Shift.com is an e-commerce platform that makes buying and selling cars feel easy, trustworthy, and fun. But it didn’t used to be that way.

Despite the positioning as a stress-free online car buying experience, customers found it just as bad as an old-school dealership.

Operations too heavily on sales advisors using inefficient processes and questionable dealership tactics. The few online portions were inadequately designed and written. This led to an overall hostile experience that converted low and canceled high.

OBJECTIVES
• Transform checkout into a delightful and trustworthy online experience
• Expand gross profit per unit via new operational efficiencies (OKR #1)
• Increase financing rates and protection plan sales (OKR #2)
• Align to UX best practices, industry trends and consumer expectations

APPROACH
Over several major releases and iterations, my team and I transformed the process into a profitable, best-in-class customer experience – starting with the overall checkout flow and working our way through each of the main components within.

MY ROLE
Led UX content and strategy across this multi-phase endeavor
• Drove organization-wide adoption of a content-first mindset
• Partnered with product, engineering, sales, finance, and leadership at various stages to ensure progress toward our goals

IMPACT AND OUTCOMES:

Project Scope

Given the complexity of redesigning a car-sized purchase process, this case study covers five of the six main tentpoles:
1. Reserve Page
2. Main Buyer Dashboard
3. Onboarding/Level-Setting
4. Protection Plans Task
5. Order Tracking

The final tentpole is the Financing Application, which we’ll cover in a separate case study.

Reserve Page

Imagine going on a first date, and the first thing your date wants to talk about is marriage. You’d probably find that a little off-putting, right? That’s what Shift was inadvertently doing: asking customers to fully commit, far too early.

Users had to pay a $250 deposit just to begin checking out. The original goal of this paywall was to filter out low-intent leads, but it filtered out everyone else as well.

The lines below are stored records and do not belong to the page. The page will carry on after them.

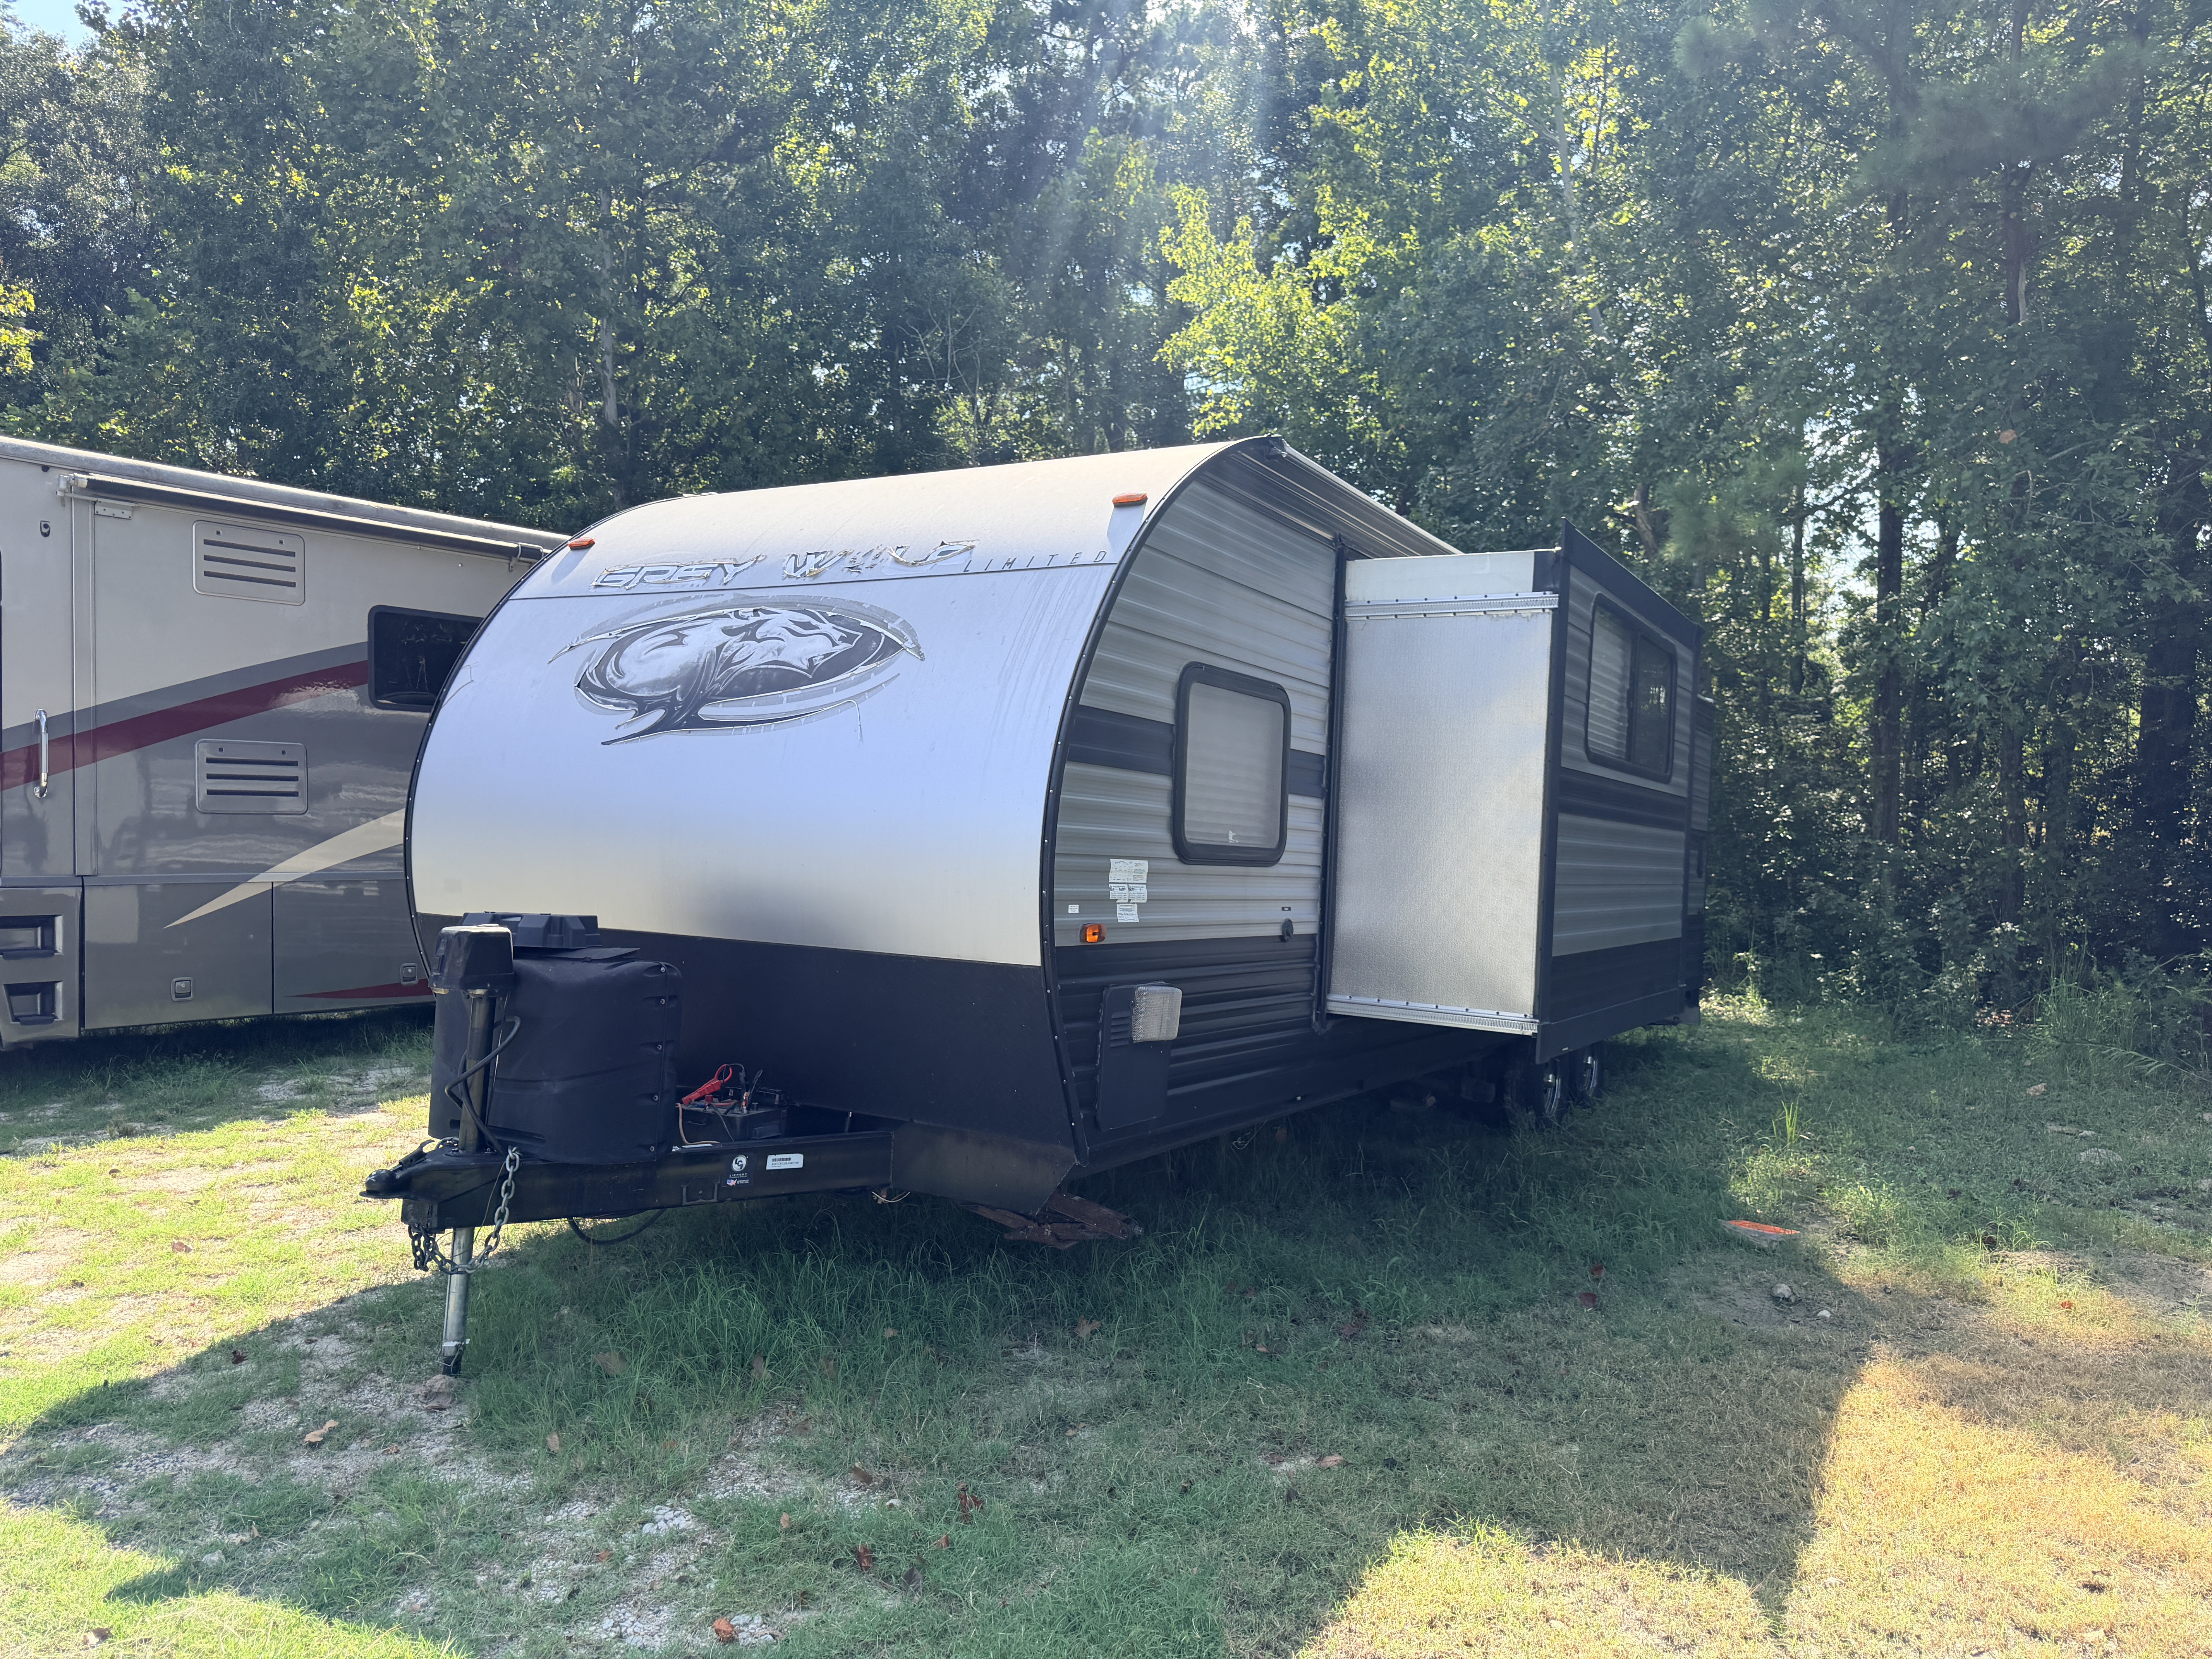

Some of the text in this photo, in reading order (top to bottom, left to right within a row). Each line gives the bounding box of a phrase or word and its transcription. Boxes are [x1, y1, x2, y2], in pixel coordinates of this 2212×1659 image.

[591, 541, 1107, 589] GREY WLF LIMITED
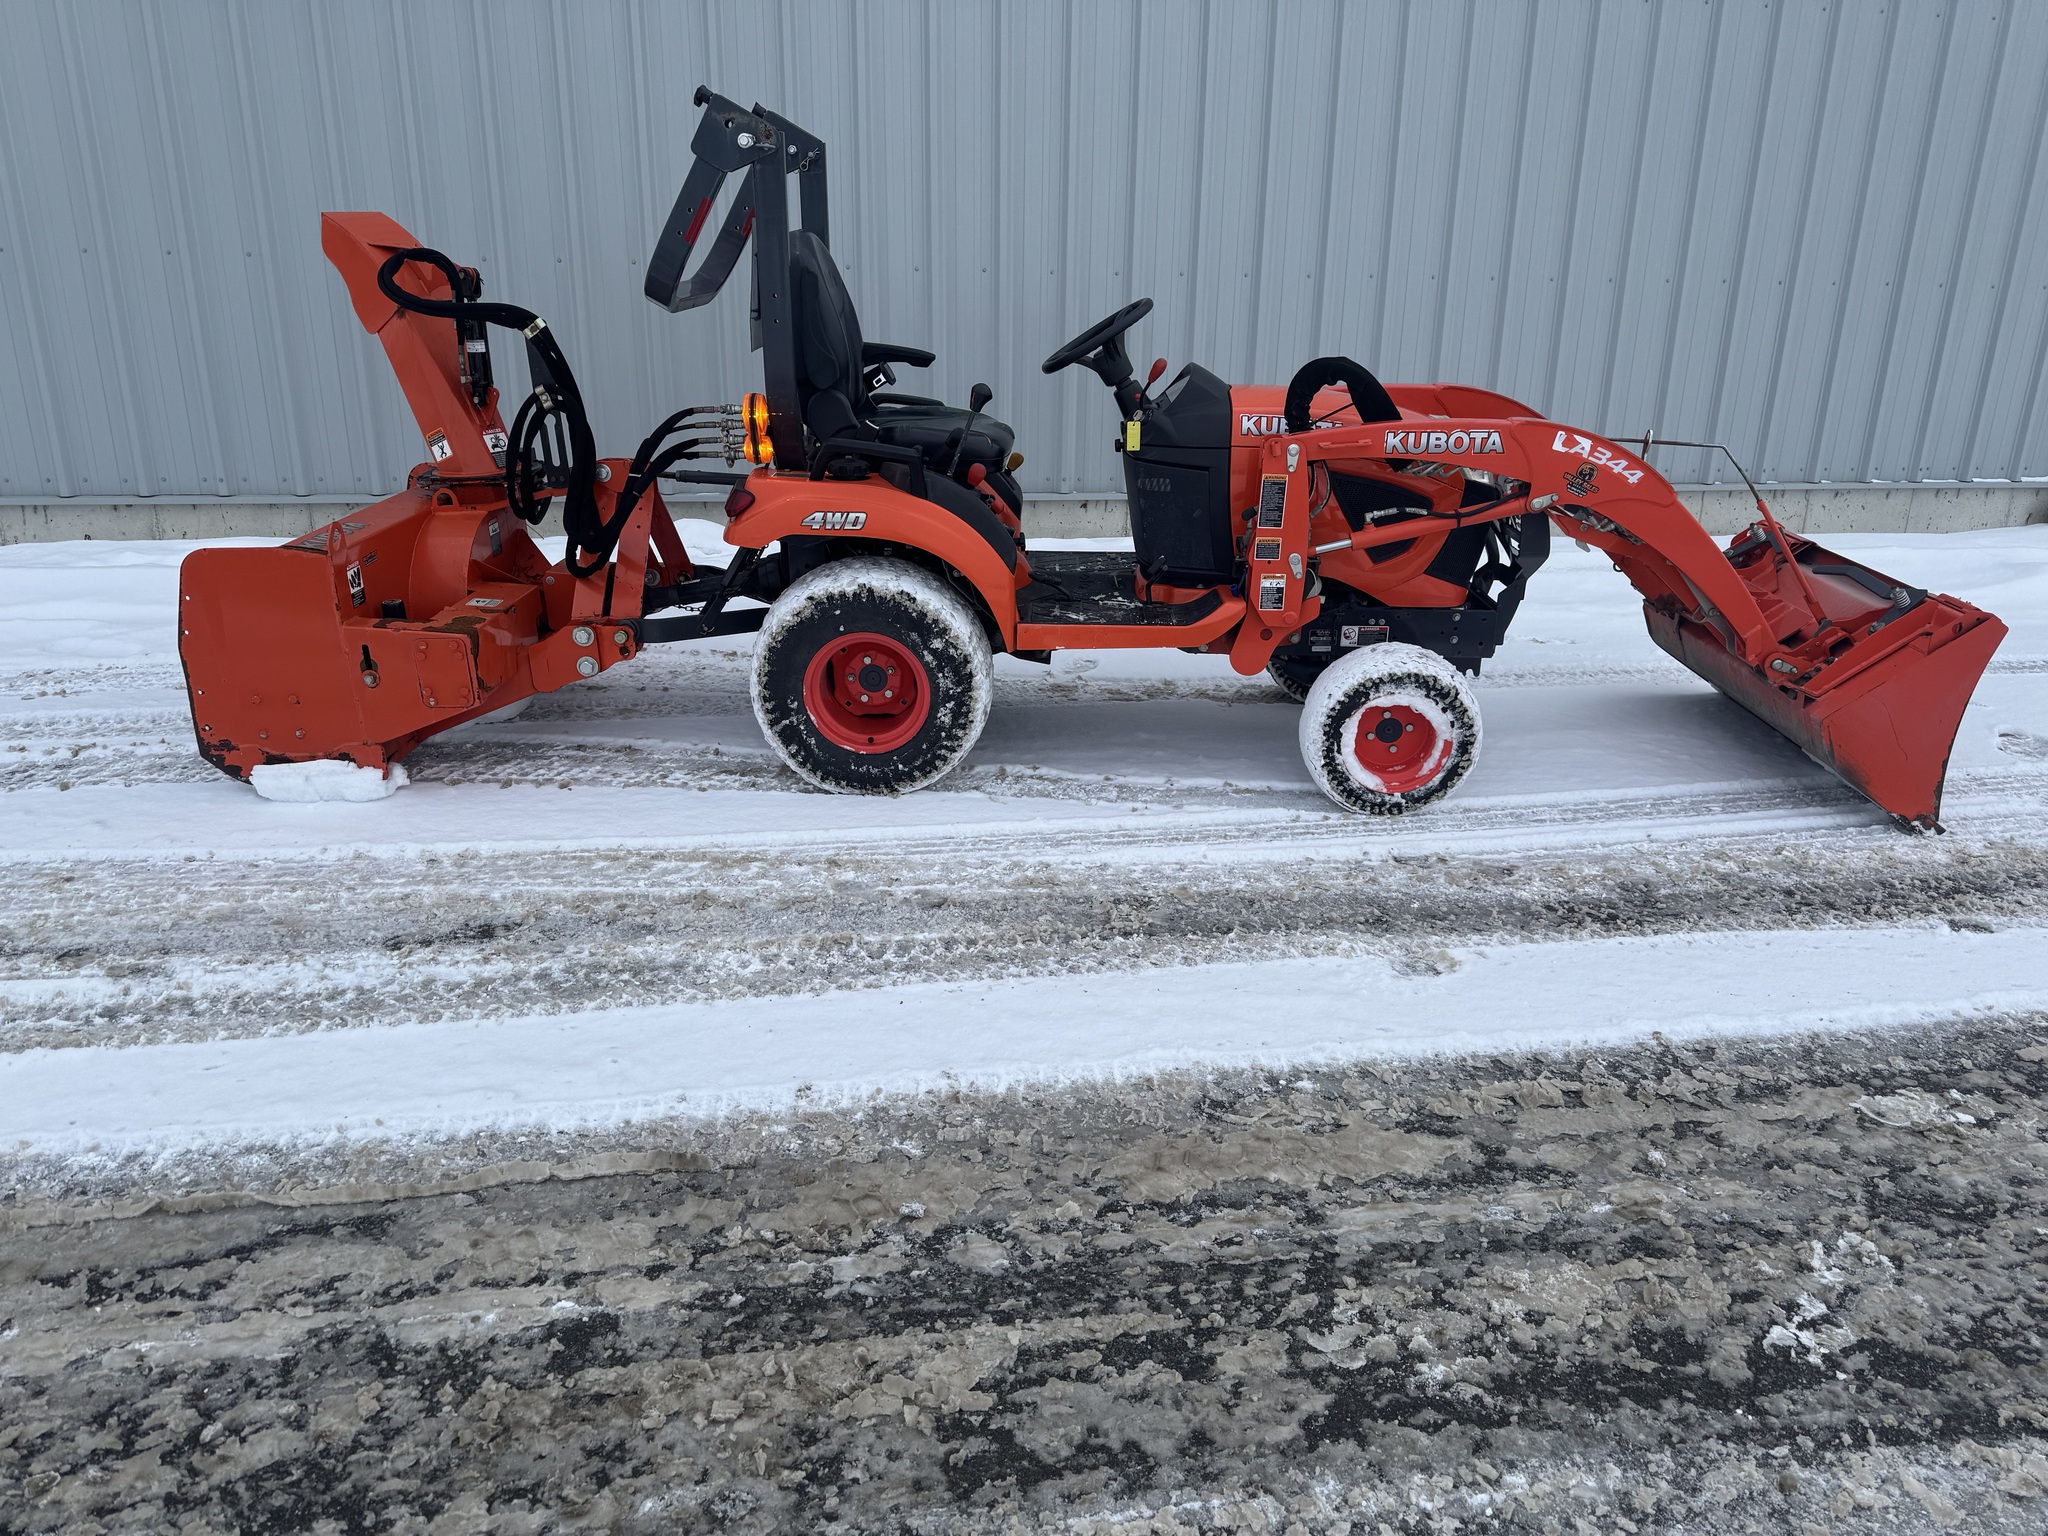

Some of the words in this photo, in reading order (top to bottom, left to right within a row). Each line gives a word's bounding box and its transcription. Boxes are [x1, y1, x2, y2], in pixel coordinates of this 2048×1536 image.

[1240, 414, 1343, 437] KUB
[1385, 429, 1505, 454] KUBOTA
[1552, 431, 1644, 484] LA344
[801, 511, 868, 530] 4WD

Customer support data showed a lingering uncertainty over whether a car might be sold to a “faster” customer while they’re still completing their purchase. So, we addressed this concern and the main problem in one by eliminating the deposit and reframing the page as a reservation to ensure it wouldn’t be sold out from under the customer’s feet.

Old Deposit Page:

New Reserve Page:


Dashboard

This is where the bulk of the purchase happens. Shift utilized a hub-and-spoke model compared to the more linear checkouts of competitors for operational reasons.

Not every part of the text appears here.